How do you approach an out of state job search?

bgc235's picture
Rank: Senior Monkey | 67

How do people approach out of state job searches when they are out of college? I know that employers have a strong preference for local candidates when it comes to entry level jobs but if a candidate were to travel 1500 miles at their own expense to interview for a job, would that level the playing field between that candidate and a local one or would the out of state one still be at a significant disadvantage? What are some things you guys have done to maximize success for out of state job searches and how would you recommend that I approach it? I'm generally talking more along the lines of a 200-300 mile radius but if the right opportunity came up 1500 miles away I would consider flying out to meet with them.

Comments (54)

Mar 28, 2016

I would like to know also... In the process of interviewing out-of-state position right now.

Mar 28, 2016

The biggest challenge for out-of-state recruiting is convincing the company you have a compelling reason to relocate. They want to make sure that you are "sticky". They don't want to hire you and then you find out you hate the area and leave after one year.
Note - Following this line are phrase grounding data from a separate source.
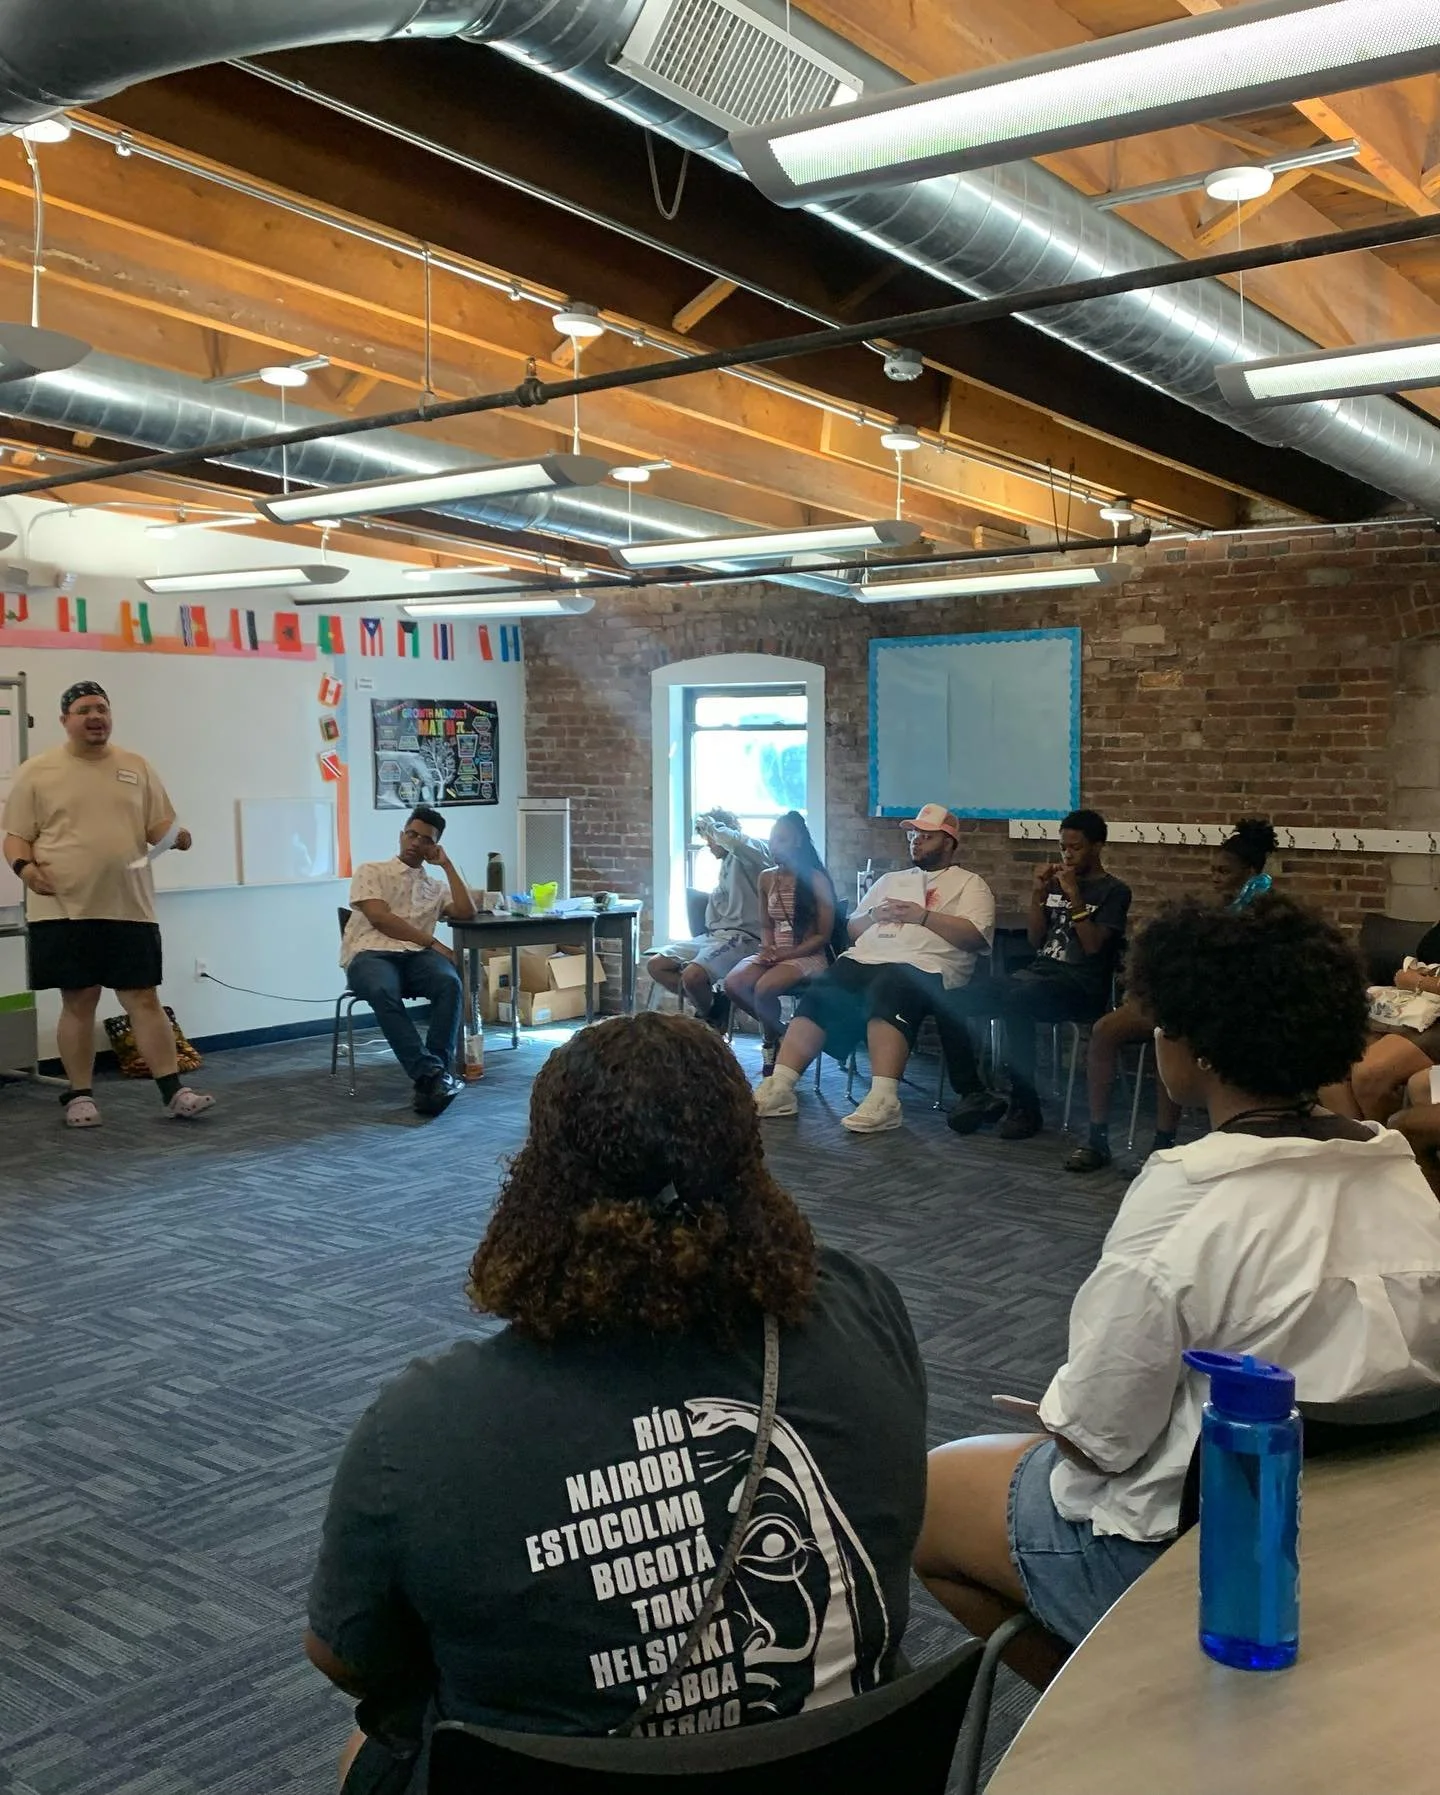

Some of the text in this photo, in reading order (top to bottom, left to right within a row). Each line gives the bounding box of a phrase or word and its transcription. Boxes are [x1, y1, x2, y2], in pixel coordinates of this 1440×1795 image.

[402, 708, 466, 719] GROWTH MINDSET
[418, 719, 456, 736] MATH
[632, 1405, 685, 1452] RÍO
[565, 1447, 696, 1514] NAIROBI
[525, 1490, 705, 1573] ESTOCOLMO
[590, 1527, 717, 1601] BOGOTÁ
[589, 1618, 734, 1689] HELSINKI
[608, 1698, 741, 1738] ERMO
The best way around this is to convince them you are targeting the area for a particular reason (whether that be for family, professional reasons, etc.).

Beyond that, you could book a one-day trip to that particular city and try grabbing lunch/coffee with a person from a few different companies you are looking at.

Or you can do what I did when I relocated. A company (not the one I'm working for) emailed me and said they wanted to do an initial phone call to gauge my interest. I replied: "Thank you for the opportunity to talk with your company. I will actually be in town next week if you would rather have a face-to-face conversation. Otherwise, I'd be happy to chat on the phone." Let's just say that before that email, I was not planning on being in town :)

The company really liked that and said they would like to do a face-to-face. While there I ended up having a conversation/interview with the entire team (ended up being a first/final round rolled into one).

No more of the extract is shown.